### Data excerpts
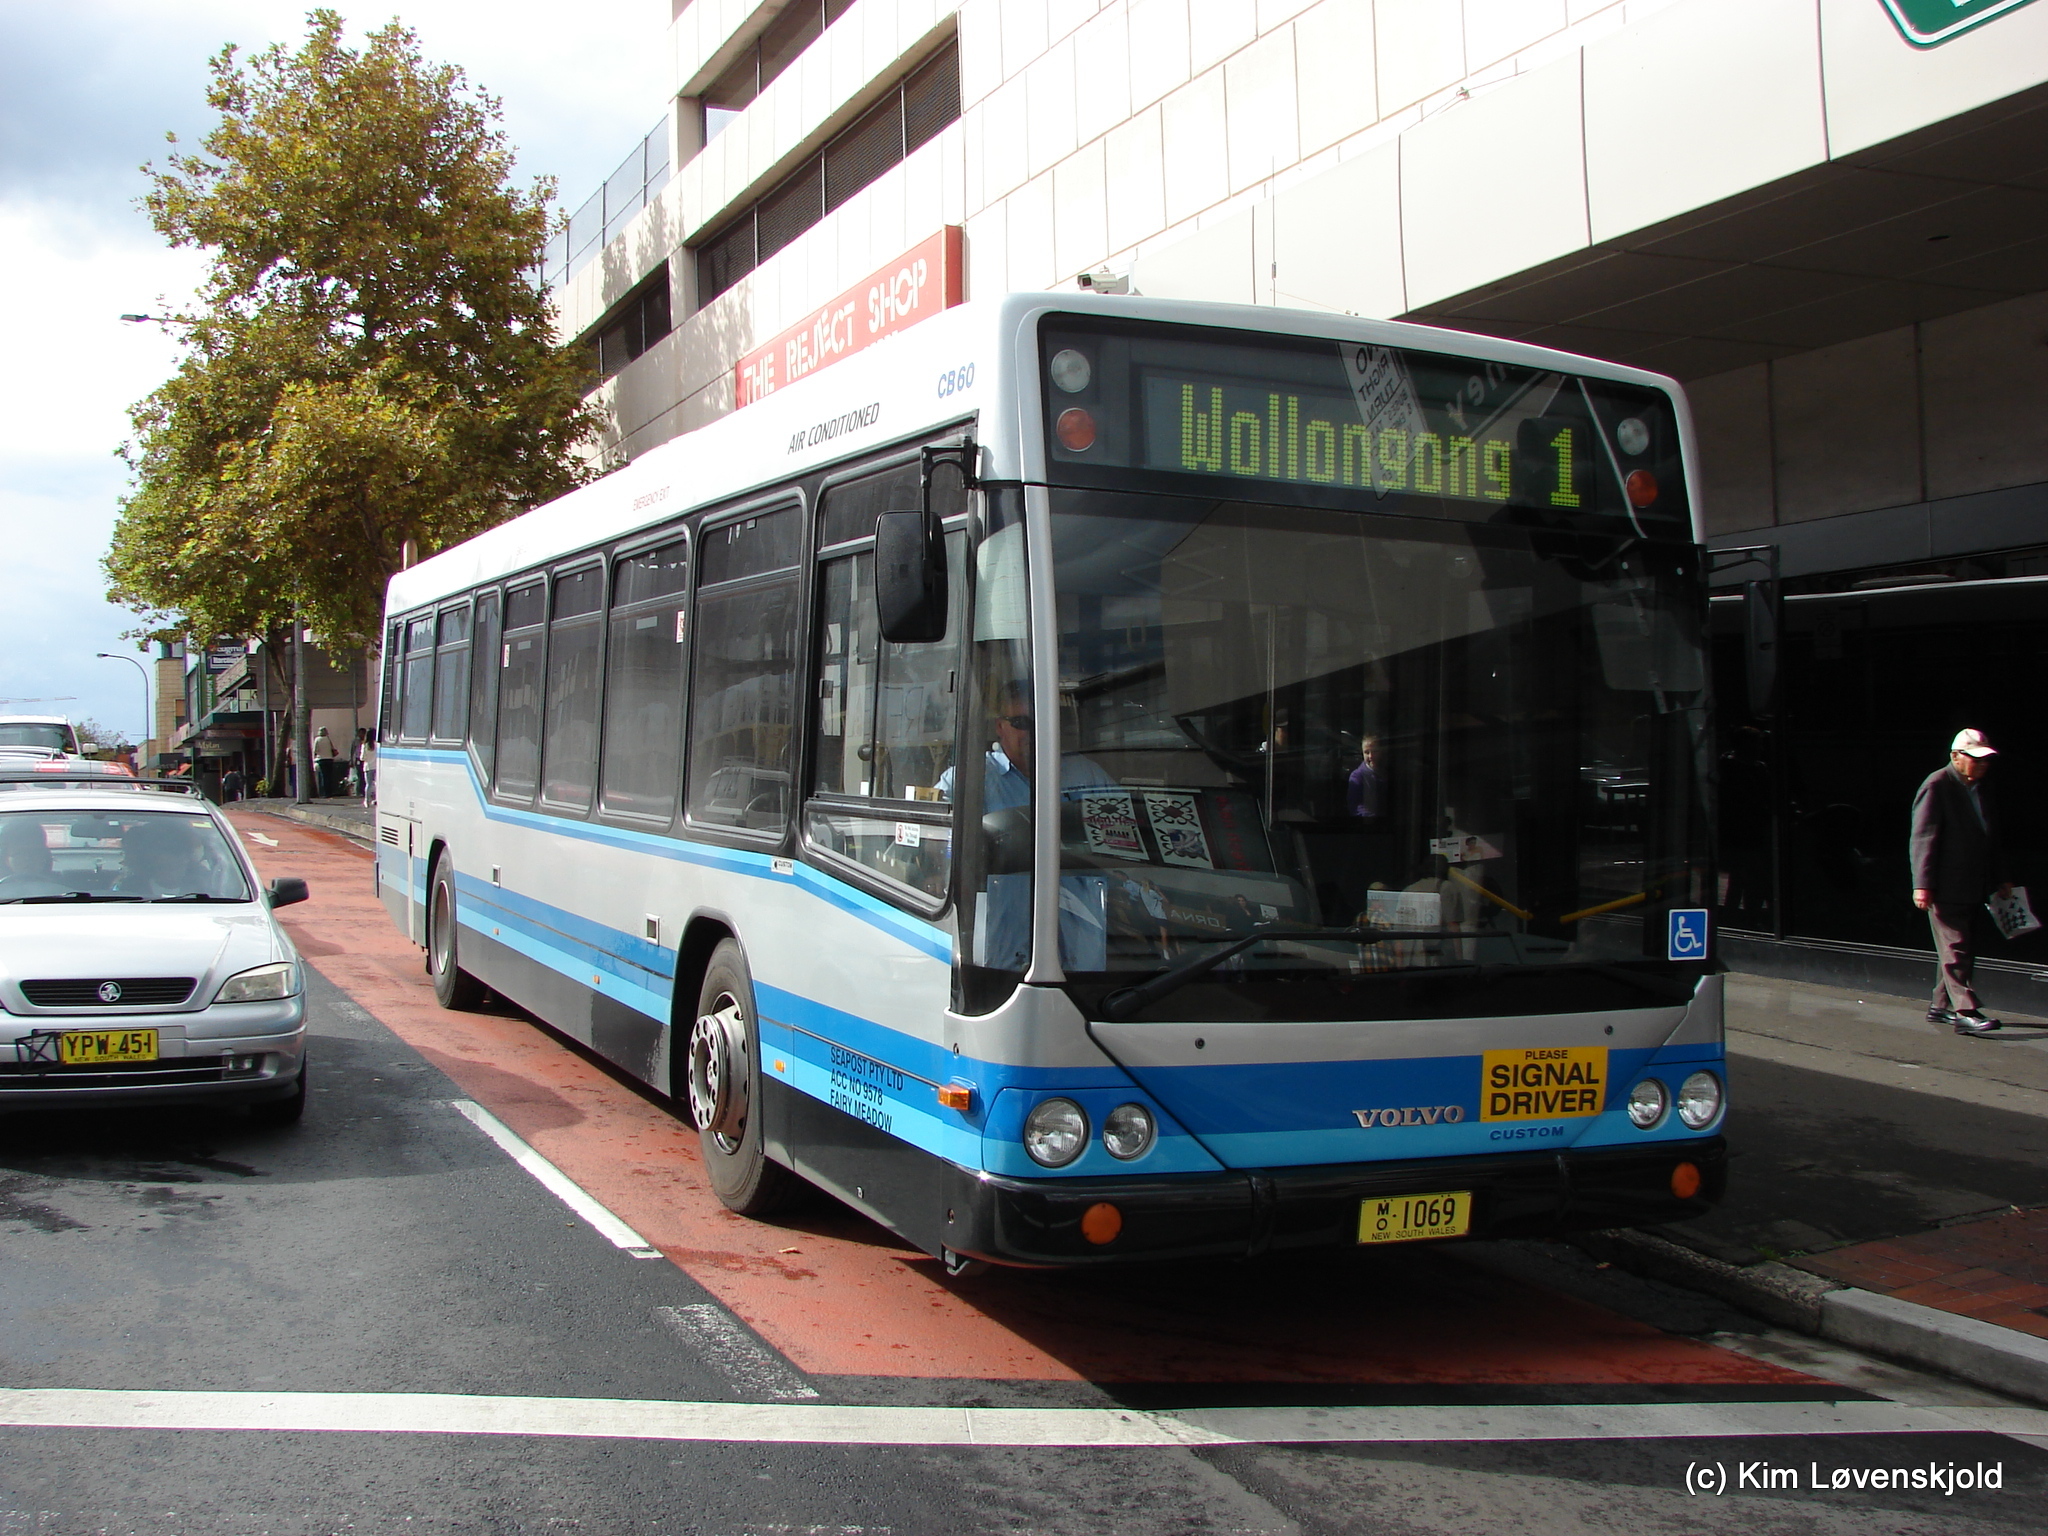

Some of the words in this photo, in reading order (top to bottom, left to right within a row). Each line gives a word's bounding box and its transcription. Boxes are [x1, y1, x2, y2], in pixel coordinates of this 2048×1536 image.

[744, 353, 775, 405] THE
[785, 301, 856, 382] REJECT
[868, 258, 927, 333] SHOP
[788, 430, 805, 454] AIR
[808, 403, 880, 447] CONDITIONED
[1181, 384, 1510, 501] Wollongong
[1550, 428, 1580, 508] 1
[830, 1046, 867, 1075] SEAPOST
[869, 1060, 886, 1084] PTY
[886, 1069, 904, 1091] LTD
[1525, 1049, 1568, 1061] PLEASE
[830, 1068, 848, 1090] ACC
[849, 1076, 862, 1097] NO
[863, 1082, 884, 1106] 9578
[1490, 1062, 1600, 1089] SIGNAL
[830, 1089, 853, 1115] FAIRY
[854, 1099, 893, 1133] MEADOW
[1352, 1105, 1465, 1128] VOLVO
[1490, 1089, 1597, 1116] DRIVER
[1490, 1126, 1564, 1140] CUSTOM
[1371, 1231, 1391, 1240] NEW
[1395, 1229, 1424, 1239] SOUTH
[1428, 1226, 1456, 1235] WALES

### Work instructions
A word-for-word copy of all the records above is required, with the pictures left out.

### Exercise output
Some of the words in this photo, in reading order (top to bottom, left to right within a row). Each line gives a word's bounding box and its transcription. Boxes are [x1, y1, x2, y2], in pixel coordinates of this 2048×1536 image.

[744, 353, 775, 405] THE
[785, 301, 856, 382] REJECT
[868, 258, 927, 333] SHOP
[788, 430, 805, 454] AIR
[808, 403, 880, 447] CONDITIONED
[1181, 384, 1510, 501] Wollongong
[1550, 428, 1580, 508] 1
[830, 1046, 867, 1075] SEAPOST
[869, 1060, 886, 1084] PTY
[886, 1069, 904, 1091] LTD
[1525, 1049, 1568, 1061] PLEASE
[830, 1068, 848, 1090] ACC
[849, 1076, 862, 1097] NO
[863, 1082, 884, 1106] 9578
[1490, 1062, 1600, 1089] SIGNAL
[830, 1089, 853, 1115] FAIRY
[854, 1099, 893, 1133] MEADOW
[1352, 1105, 1465, 1128] VOLVO
[1490, 1089, 1597, 1116] DRIVER
[1490, 1126, 1564, 1140] CUSTOM
[1371, 1231, 1391, 1240] NEW
[1395, 1229, 1424, 1239] SOUTH
[1428, 1226, 1456, 1235] WALES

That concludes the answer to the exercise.